Prevalence study: detection of NoV on environmental swabs in companies without recently reported outbreaks.
In the period from January 2008 to February 2009, a total of 2,496 swab samples were collected for analyses of the presence of NoV at 832 catering companies without a recently reported outbreak of gastroenteritis. Due to external factors that were beyond the control of the investigators, the goal of 1,000 companies could not be reached, and the number of inspections per months also showed some variation in time. In total 42 (1.7%) out of 2,496 environmental swabs from 35 (4.2%) catering companies tested positive for NoV ( and ), with threshold cycle (CT) values between 15.7 and 32.8 for GI types and CT values between 28.0 and 42.1 for GII types. At five catering companies, multiple samples tested positive. Of the 42 positive swab samples, 26 (61.9%) samples were taken from surfaces in the bathroom and 16 (38.1%) were taken from surfaces in the kitchen. Overall, NoV was detected three times more often on surfaces in the bathroom (26/832; 3.1%) than on surfaces in the kitchen (16/1,664; 0.96%). Assuming that swab testing would be used as a diagnostic method for possible involvement of a food establishment in an outbreak, this indicated a specificity of 95.8% (797/832) overall.

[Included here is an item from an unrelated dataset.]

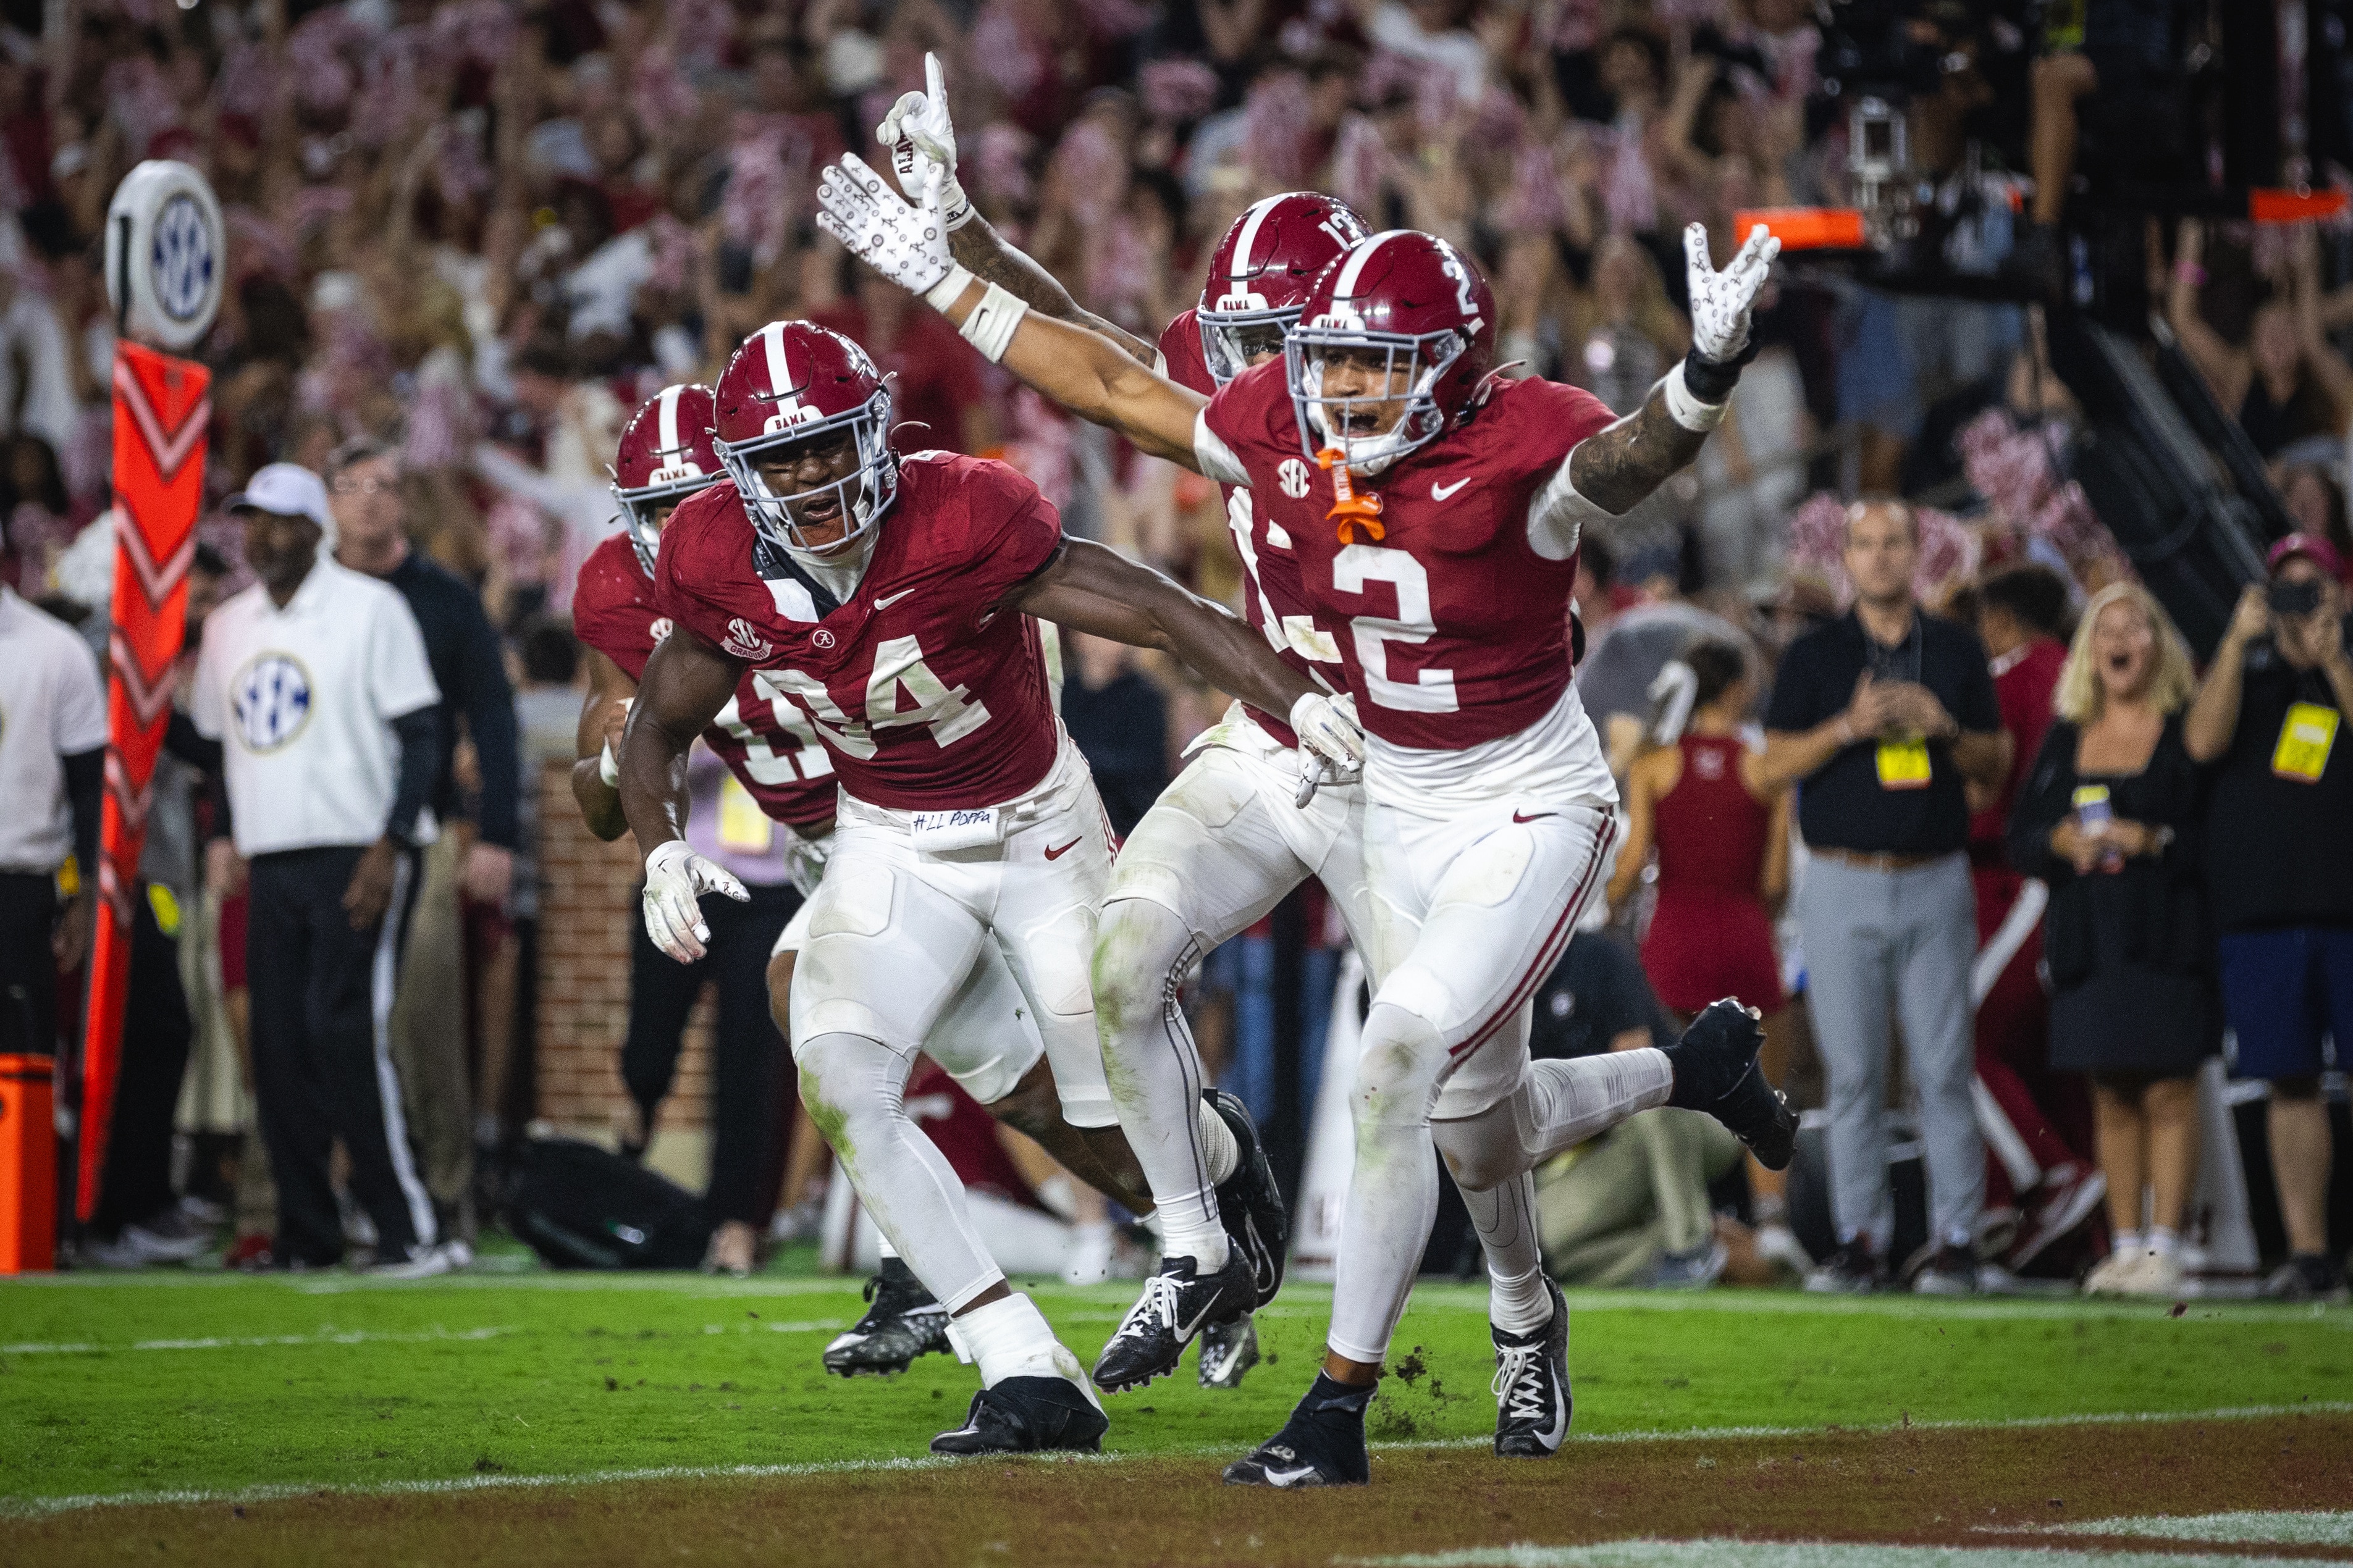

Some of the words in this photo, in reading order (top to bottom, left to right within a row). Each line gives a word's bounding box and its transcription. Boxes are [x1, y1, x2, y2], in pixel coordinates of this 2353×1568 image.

Detection of NoV in environmental samples from catering companies with and without association with recently reported gastroenteritis
Distribution of NoV-positive environmental samples over different types of catering companies
Outbreak study: detection of NoV on environmental swabs collected during an outbreak.
In the period from January 2006 to January 2009, 370 environmental swab samples were collected for analyses of the presence of NoV at 72 sites implicated in a viral gastroenteritis outbreak investigation where food-borne transmission was suspected. The presence of NoV was demonstrated for 44 (61.1%) of the 72 sites under investigation and in 147 (39.7%) of the 370 samples analyzed (). As observed in the prevalence survey, NoV was more frequently detected if the samples had been taken from surfaces in bathrooms (52.9%) than if they had been taken from surfaces in the kitchen (29.4%). Assuming that swab testing would be used as a diagnostic method to predict involvement of a food establishment in an outbreak, this indicated a sensitivity of 61.1% (44/72) overall.
Effect of seasons on the prevalence of NoV in catering industries.
NoV was detected 4 times more frequently on swabs collected from companies inspected in the norovirus season, November to March (28/480; 5.8%), than on swabs collected from companies inspected in the typical norovirus off-season, April to September (7/352; 2.0%) (P = 0.006). In univariate analysis, the risk of NoV presence was found to be significantly higher during the high season (OR, 3.1; 95% CI, 1.3 to 7.1) (). These findings indicate a seasonal difference in the above-mentioned specificity for swabs as a diagnostic method for possible involvement of a food establishment in an outbreak, i.e., a specificity of 94.2% (452/480) in the high season compared to 98% (345/352) in the off-season.
Significant and borderline risk factors for the presence of NoV in catering industries
Effects of characteristics of catering industries on the prevalence of NoV.
During the prevalence study, most of the inspections were performed in restaurants (n = 446), followed by lunchrooms (n = 112). To a lesser extent, other types of companies, for example, food establishments/kitchens for elderly homes or hotels, were also visited for inspection. The prevalence of NoV on surfaces among these different types of catering companies varied significantly (P = 0.015), although the numbers for some of the company types were low ( and ). In univariate analysis, the 9-category variable resulted in an invalid model. When all company types were entered as separate variables in multivariate logistic regression models to enable identification of a potential difference between company types, the elderly home (OR, 8.7; 95% CI, 2.7 to 28.8) and lunch rooms (OR, 2.4; 95% CI, 1.0 to 5.4) showed statistically significant risk of NoV presence. A risk (OR, 6.1; 95% CI, 0.7 to 54.7) was also found for hotels and pensions, showing a borderline significant risk of NoV presence.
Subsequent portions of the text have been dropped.